We caught up with POV’s Executive Producer Simon Kilmurry in Toronto at Hot Docs.
Following are the key metrics, processes and timelines of the flagship PBS documentary strand.
Impact!
In its 26 seasons, POV has racked up an impressive list of accomplishments:
- More than 390 films
- Lots of Awards
- Seventeen Oscar nominations, eight since 2005:
- If a Tree Falls, The Barber of Birmingham, Food, Inc. The Most Dangerous Man in America, The Betrayal, My Country My Country, Street Fight, Hardwood, and more
- 27 Emmy’s
- Numerous DuPont and Peabody awards, including an upcoming Peabody for My Perestroika
- Seventeen Oscar nominations, eight since 2005:
Spending:
- More than $50 million since 1988
- $800K per year in production funding and licensing fees
- Plus $2 million per year on community engagement, education, online and public awareness campaigns that support each film
- A funding magnet
- A POV commitment has given filmmakers the leverage to raise millions more from foundations, private investors and government agencies
- Audience and community impact
- Each broadcast premiere reaches more than 1 million viewers, plus online streams
- Community engagement, educational and online activities are central to all POV campaigns
The Pipeline
POV offers 20-25 films from feature length to shorts
- 14-16 premieres / year
- 2-6 encores – often of Academy Award nominees or notable films from previous season
Budgets
According to Simon Kilmurry:
- On the high end, production budgets are $1 million plus
- The average is about $375K to $450K
- And about $200K on the low end
Funding
The annual operating budget for POV is $3.2 million
Sources of funding are:
- PBS: $1.5 million
- McArthur Fund: $500K
- NEA: $100K
- CPB Diverse Voices: $300-400,000 in 2-3 year cycle
- New York State Council on the Arts: $40K
- Additional: “Grants and contributions vary from year to year. Our sources include the New York City Department of Cultural Affairs and the desJardins/Blachman Fund.”
Program Length
Feature Length (81:25)
- Around 7-8 / year
- Includes POV branding, sponsor messages, credits, DVD offer, etc.
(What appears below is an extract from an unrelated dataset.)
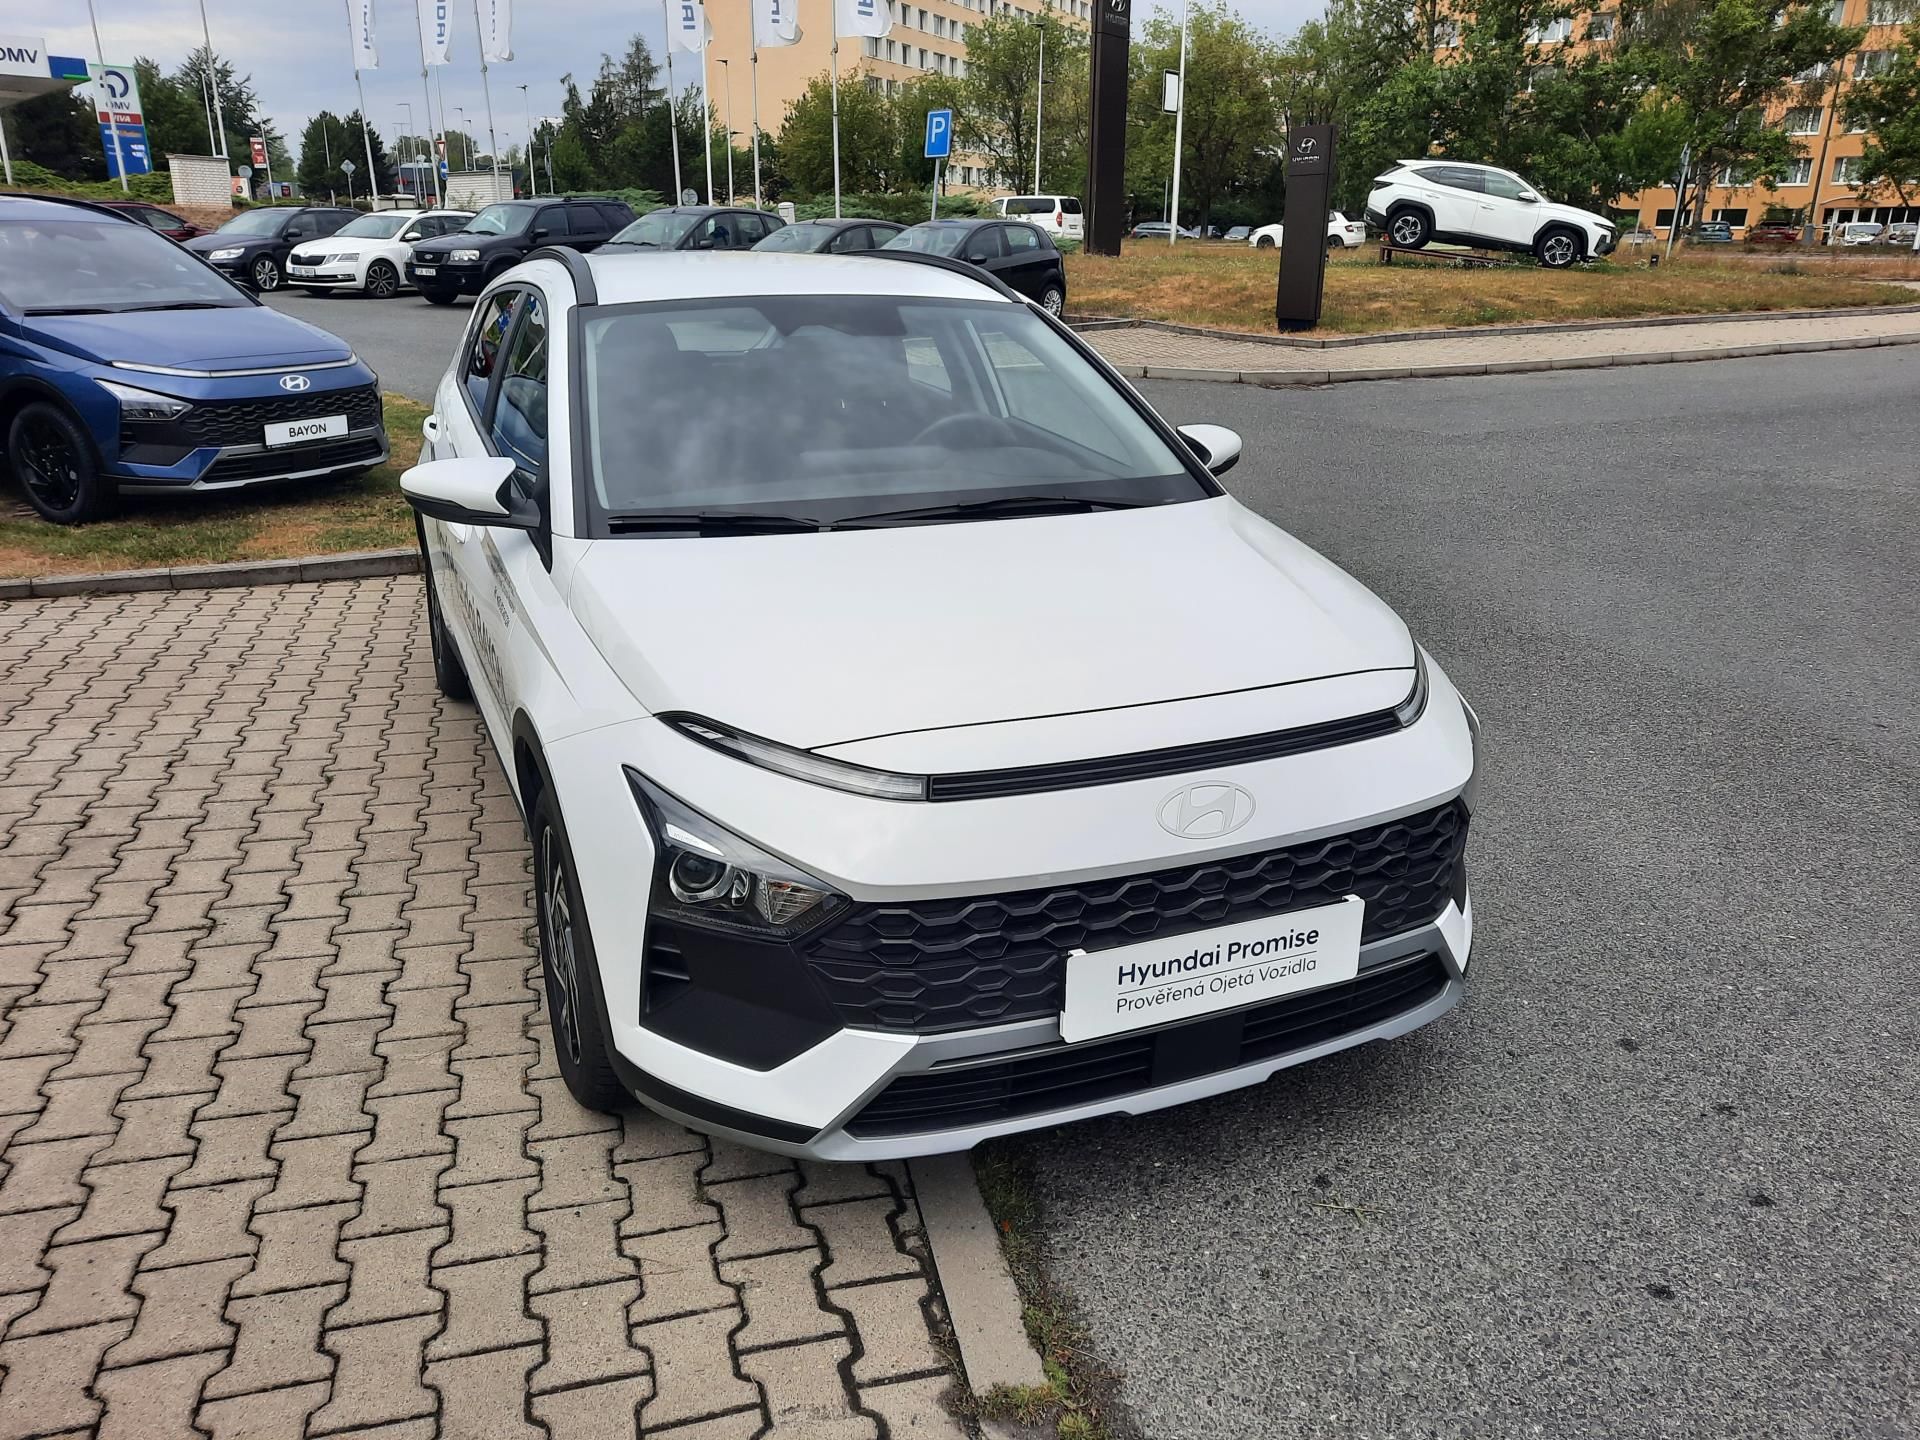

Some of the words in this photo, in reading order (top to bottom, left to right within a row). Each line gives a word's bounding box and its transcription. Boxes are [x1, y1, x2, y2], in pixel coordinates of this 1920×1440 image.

- Most include a filmmaker interview
- (PBS slot is 86:46)
Hour (51:25)
- Around 6-7 / year
- Includes filmmaker interview, POV branding, etc.
Shorts
- 7-8 / year
- POV occasionally packages a broadcast hour comprised of half-hours and shorts
- And many features come in at 70+/- minutes, and they need shorts to fill the slot
Commercial Arrangements
License Fee
- The basic fee is $30,000/hour or $45,000 / feature
- The high mark is $150,000 / film
Rights
- 6 plays over 4 years
- Sometimes 4/3
- Online streaming catchup windows
- Limited PBS Free-VOD
DVD
Filmmakers cut their own DVD deals:
- “POV often facilitates deals and does not take a rev share”
- POV offers a DVD promotional tag at the close of each program
- PBS Home Video often acquires home video rights in deals directly with filmmakers
Takeaways
POV is a major broadcast player for the U.S. independent documentary community:
- POV, Independent Lens and HBO Docs offer the peak U.S. broadcast slots for feature documentarians.
- The longevity, scale and prominence of the POV slot all underline the tremendous value of the PBS system to independent filmmakers and their viewers.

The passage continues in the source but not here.